*** Opening of DATA RECORDS ***

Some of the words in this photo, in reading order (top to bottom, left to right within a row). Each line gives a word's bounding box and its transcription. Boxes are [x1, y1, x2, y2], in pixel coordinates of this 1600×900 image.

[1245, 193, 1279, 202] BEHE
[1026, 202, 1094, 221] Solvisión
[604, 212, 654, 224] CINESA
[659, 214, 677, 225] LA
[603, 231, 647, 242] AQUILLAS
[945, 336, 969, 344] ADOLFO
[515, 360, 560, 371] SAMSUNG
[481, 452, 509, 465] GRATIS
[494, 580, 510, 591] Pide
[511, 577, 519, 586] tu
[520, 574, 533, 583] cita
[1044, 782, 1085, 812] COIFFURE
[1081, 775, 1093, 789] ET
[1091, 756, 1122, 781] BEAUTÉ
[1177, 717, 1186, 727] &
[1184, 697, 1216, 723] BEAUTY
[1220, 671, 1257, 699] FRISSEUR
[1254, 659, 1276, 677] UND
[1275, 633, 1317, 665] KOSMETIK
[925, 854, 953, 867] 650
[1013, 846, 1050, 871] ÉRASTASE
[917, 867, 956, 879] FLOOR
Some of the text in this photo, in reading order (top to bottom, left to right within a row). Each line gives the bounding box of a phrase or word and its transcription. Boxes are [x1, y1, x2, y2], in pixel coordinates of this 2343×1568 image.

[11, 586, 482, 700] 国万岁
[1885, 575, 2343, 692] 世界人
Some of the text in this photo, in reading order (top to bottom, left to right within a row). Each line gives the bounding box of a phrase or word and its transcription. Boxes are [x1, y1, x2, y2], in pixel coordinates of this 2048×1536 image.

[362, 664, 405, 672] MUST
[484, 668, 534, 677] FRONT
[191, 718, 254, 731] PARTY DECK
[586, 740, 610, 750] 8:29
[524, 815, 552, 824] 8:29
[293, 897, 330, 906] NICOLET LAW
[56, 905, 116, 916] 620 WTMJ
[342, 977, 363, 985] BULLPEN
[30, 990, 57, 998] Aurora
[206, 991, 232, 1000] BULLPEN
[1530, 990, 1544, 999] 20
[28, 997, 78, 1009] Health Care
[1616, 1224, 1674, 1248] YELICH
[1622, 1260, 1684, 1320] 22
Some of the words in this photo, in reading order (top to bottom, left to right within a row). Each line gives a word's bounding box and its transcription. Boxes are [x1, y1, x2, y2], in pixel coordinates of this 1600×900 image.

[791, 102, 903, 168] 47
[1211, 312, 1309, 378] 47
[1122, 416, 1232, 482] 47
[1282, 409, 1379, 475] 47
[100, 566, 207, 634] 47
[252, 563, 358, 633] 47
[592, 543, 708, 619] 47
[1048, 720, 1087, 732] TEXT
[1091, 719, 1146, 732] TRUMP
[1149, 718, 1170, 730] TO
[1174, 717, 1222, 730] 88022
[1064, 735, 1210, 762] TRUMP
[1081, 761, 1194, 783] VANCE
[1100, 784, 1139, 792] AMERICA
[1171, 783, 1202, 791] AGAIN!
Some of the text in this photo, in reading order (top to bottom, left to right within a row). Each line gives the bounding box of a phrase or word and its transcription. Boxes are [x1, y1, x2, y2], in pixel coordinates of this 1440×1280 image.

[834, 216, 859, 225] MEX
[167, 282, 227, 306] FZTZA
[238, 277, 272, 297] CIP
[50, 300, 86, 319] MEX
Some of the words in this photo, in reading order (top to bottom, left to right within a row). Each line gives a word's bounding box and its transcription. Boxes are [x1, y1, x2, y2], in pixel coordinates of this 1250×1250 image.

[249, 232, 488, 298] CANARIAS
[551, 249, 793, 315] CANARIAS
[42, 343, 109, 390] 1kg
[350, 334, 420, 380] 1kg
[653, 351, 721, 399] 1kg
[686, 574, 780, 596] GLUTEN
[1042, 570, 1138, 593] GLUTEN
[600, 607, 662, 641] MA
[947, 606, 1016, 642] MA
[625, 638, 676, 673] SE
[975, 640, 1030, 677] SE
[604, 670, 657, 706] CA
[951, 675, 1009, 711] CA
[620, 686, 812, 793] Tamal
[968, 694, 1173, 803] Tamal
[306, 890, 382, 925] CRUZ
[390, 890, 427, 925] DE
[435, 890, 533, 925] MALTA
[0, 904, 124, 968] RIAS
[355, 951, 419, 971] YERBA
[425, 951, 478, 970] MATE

*** Close of DATA RECORDS ***

Give back each line above exactly as written.

Some of the words in this photo, in reading order (top to bottom, left to right within a row). Each line gives a word's bounding box and its transcription. Boxes are [x1, y1, x2, y2], in pixel coordinates of this 1600×900 image.

[1245, 193, 1279, 202] BEHE
[1026, 202, 1094, 221] Solvisión
[604, 212, 654, 224] CINESA
[659, 214, 677, 225] LA
[603, 231, 647, 242] AQUILLAS
[945, 336, 969, 344] ADOLFO
[515, 360, 560, 371] SAMSUNG
[481, 452, 509, 465] GRATIS
[494, 580, 510, 591] Pide
[511, 577, 519, 586] tu
[520, 574, 533, 583] cita
[1044, 782, 1085, 812] COIFFURE
[1081, 775, 1093, 789] ET
[1091, 756, 1122, 781] BEAUTÉ
[1177, 717, 1186, 727] &
[1184, 697, 1216, 723] BEAUTY
[1220, 671, 1257, 699] FRISSEUR
[1254, 659, 1276, 677] UND
[1275, 633, 1317, 665] KOSMETIK
[925, 854, 953, 867] 650
[1013, 846, 1050, 871] ÉRASTASE
[917, 867, 956, 879] FLOOR
Some of the text in this photo, in reading order (top to bottom, left to right within a row). Each line gives the bounding box of a phrase or word and its transcription. Boxes are [x1, y1, x2, y2], in pixel coordinates of this 2343×1568 image.

[11, 586, 482, 700] 国万岁
[1885, 575, 2343, 692] 世界人
Some of the text in this photo, in reading order (top to bottom, left to right within a row). Each line gives the bounding box of a phrase or word and its transcription. Boxes are [x1, y1, x2, y2], in pixel coordinates of this 2048×1536 image.

[362, 664, 405, 672] MUST
[484, 668, 534, 677] FRONT
[191, 718, 254, 731] PARTY DECK
[586, 740, 610, 750] 8:29
[524, 815, 552, 824] 8:29
[293, 897, 330, 906] NICOLET LAW
[56, 905, 116, 916] 620 WTMJ
[342, 977, 363, 985] BULLPEN
[30, 990, 57, 998] Aurora
[206, 991, 232, 1000] BULLPEN
[1530, 990, 1544, 999] 20
[28, 997, 78, 1009] Health Care
[1616, 1224, 1674, 1248] YELICH
[1622, 1260, 1684, 1320] 22
Some of the words in this photo, in reading order (top to bottom, left to right within a row). Each line gives a word's bounding box and its transcription. Boxes are [x1, y1, x2, y2], in pixel coordinates of this 1600×900 image.

[791, 102, 903, 168] 47
[1211, 312, 1309, 378] 47
[1122, 416, 1232, 482] 47
[1282, 409, 1379, 475] 47
[100, 566, 207, 634] 47
[252, 563, 358, 633] 47
[592, 543, 708, 619] 47
[1048, 720, 1087, 732] TEXT
[1091, 719, 1146, 732] TRUMP
[1149, 718, 1170, 730] TO
[1174, 717, 1222, 730] 88022
[1064, 735, 1210, 762] TRUMP
[1081, 761, 1194, 783] VANCE
[1100, 784, 1139, 792] AMERICA
[1171, 783, 1202, 791] AGAIN!
Some of the text in this photo, in reading order (top to bottom, left to right within a row). Each line gives the bounding box of a phrase or word and its transcription. Boxes are [x1, y1, x2, y2], in pixel coordinates of this 1440×1280 image.

[834, 216, 859, 225] MEX
[167, 282, 227, 306] FZTZA
[238, 277, 272, 297] CIP
[50, 300, 86, 319] MEX
Some of the words in this photo, in reading order (top to bottom, left to right within a row). Each line gives a word's bounding box and its transcription. Boxes are [x1, y1, x2, y2], in pixel coordinates of this 1250×1250 image.

[249, 232, 488, 298] CANARIAS
[551, 249, 793, 315] CANARIAS
[42, 343, 109, 390] 1kg
[350, 334, 420, 380] 1kg
[653, 351, 721, 399] 1kg
[686, 574, 780, 596] GLUTEN
[1042, 570, 1138, 593] GLUTEN
[600, 607, 662, 641] MA
[947, 606, 1016, 642] MA
[625, 638, 676, 673] SE
[975, 640, 1030, 677] SE
[604, 670, 657, 706] CA
[951, 675, 1009, 711] CA
[620, 686, 812, 793] Tamal
[968, 694, 1173, 803] Tamal
[306, 890, 382, 925] CRUZ
[390, 890, 427, 925] DE
[435, 890, 533, 925] MALTA
[0, 904, 124, 968] RIAS
[355, 951, 419, 971] YERBA
[425, 951, 478, 970] MATE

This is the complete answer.